> **Work to complete**
A verbatim repeat of the records beneath this line is needed.

Stored data entries:
• • • • •
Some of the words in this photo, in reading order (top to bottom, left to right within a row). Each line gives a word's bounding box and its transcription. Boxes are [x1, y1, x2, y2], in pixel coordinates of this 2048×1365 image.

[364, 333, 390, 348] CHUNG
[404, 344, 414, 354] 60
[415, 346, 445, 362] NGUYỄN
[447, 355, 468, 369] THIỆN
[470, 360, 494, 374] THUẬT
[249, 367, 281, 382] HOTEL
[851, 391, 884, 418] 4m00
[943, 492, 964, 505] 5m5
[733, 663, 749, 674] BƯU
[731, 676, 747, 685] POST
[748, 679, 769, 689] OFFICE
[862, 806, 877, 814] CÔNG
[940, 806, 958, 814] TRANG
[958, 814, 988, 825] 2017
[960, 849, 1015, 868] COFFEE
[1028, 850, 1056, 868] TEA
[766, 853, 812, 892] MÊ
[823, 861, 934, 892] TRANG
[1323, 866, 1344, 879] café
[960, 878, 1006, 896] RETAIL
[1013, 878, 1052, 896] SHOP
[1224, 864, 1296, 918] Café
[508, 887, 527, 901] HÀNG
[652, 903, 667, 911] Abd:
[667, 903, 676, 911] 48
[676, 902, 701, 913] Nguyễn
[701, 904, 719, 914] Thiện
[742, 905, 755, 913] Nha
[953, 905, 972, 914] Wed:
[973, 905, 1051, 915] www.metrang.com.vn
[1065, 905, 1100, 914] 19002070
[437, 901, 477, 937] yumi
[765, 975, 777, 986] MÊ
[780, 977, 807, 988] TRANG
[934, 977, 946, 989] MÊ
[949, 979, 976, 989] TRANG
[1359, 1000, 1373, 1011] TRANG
• • • • •
> **Written solution**
Some of the words in this photo, in reading order (top to bottom, left to right within a row). Each line gives a word's bounding box and its transcription. Boxes are [x1, y1, x2, y2], in pixel coordinates of this 2048×1365 image.

[364, 333, 390, 348] CHUNG
[404, 344, 414, 354] 60
[415, 346, 445, 362] NGUYỄN
[447, 355, 468, 369] THIỆN
[470, 360, 494, 374] THUẬT
[249, 367, 281, 382] HOTEL
[851, 391, 884, 418] 4m00
[943, 492, 964, 505] 5m5
[733, 663, 749, 674] BƯU
[731, 676, 747, 685] POST
[748, 679, 769, 689] OFFICE
[862, 806, 877, 814] CÔNG
[940, 806, 958, 814] TRANG
[958, 814, 988, 825] 2017
[960, 849, 1015, 868] COFFEE
[1028, 850, 1056, 868] TEA
[766, 853, 812, 892] MÊ
[823, 861, 934, 892] TRANG
[1323, 866, 1344, 879] café
[960, 878, 1006, 896] RETAIL
[1013, 878, 1052, 896] SHOP
[1224, 864, 1296, 918] Café
[508, 887, 527, 901] HÀNG
[652, 903, 667, 911] Abd:
[667, 903, 676, 911] 48
[676, 902, 701, 913] Nguyễn
[701, 904, 719, 914] Thiện
[742, 905, 755, 913] Nha
[953, 905, 972, 914] Wed:
[973, 905, 1051, 915] www.metrang.com.vn
[1065, 905, 1100, 914] 19002070
[437, 901, 477, 937] yumi
[765, 975, 777, 986] MÊ
[780, 977, 807, 988] TRANG
[934, 977, 946, 989] MÊ
[949, 979, 976, 989] TRANG
[1359, 1000, 1373, 1011] TRANG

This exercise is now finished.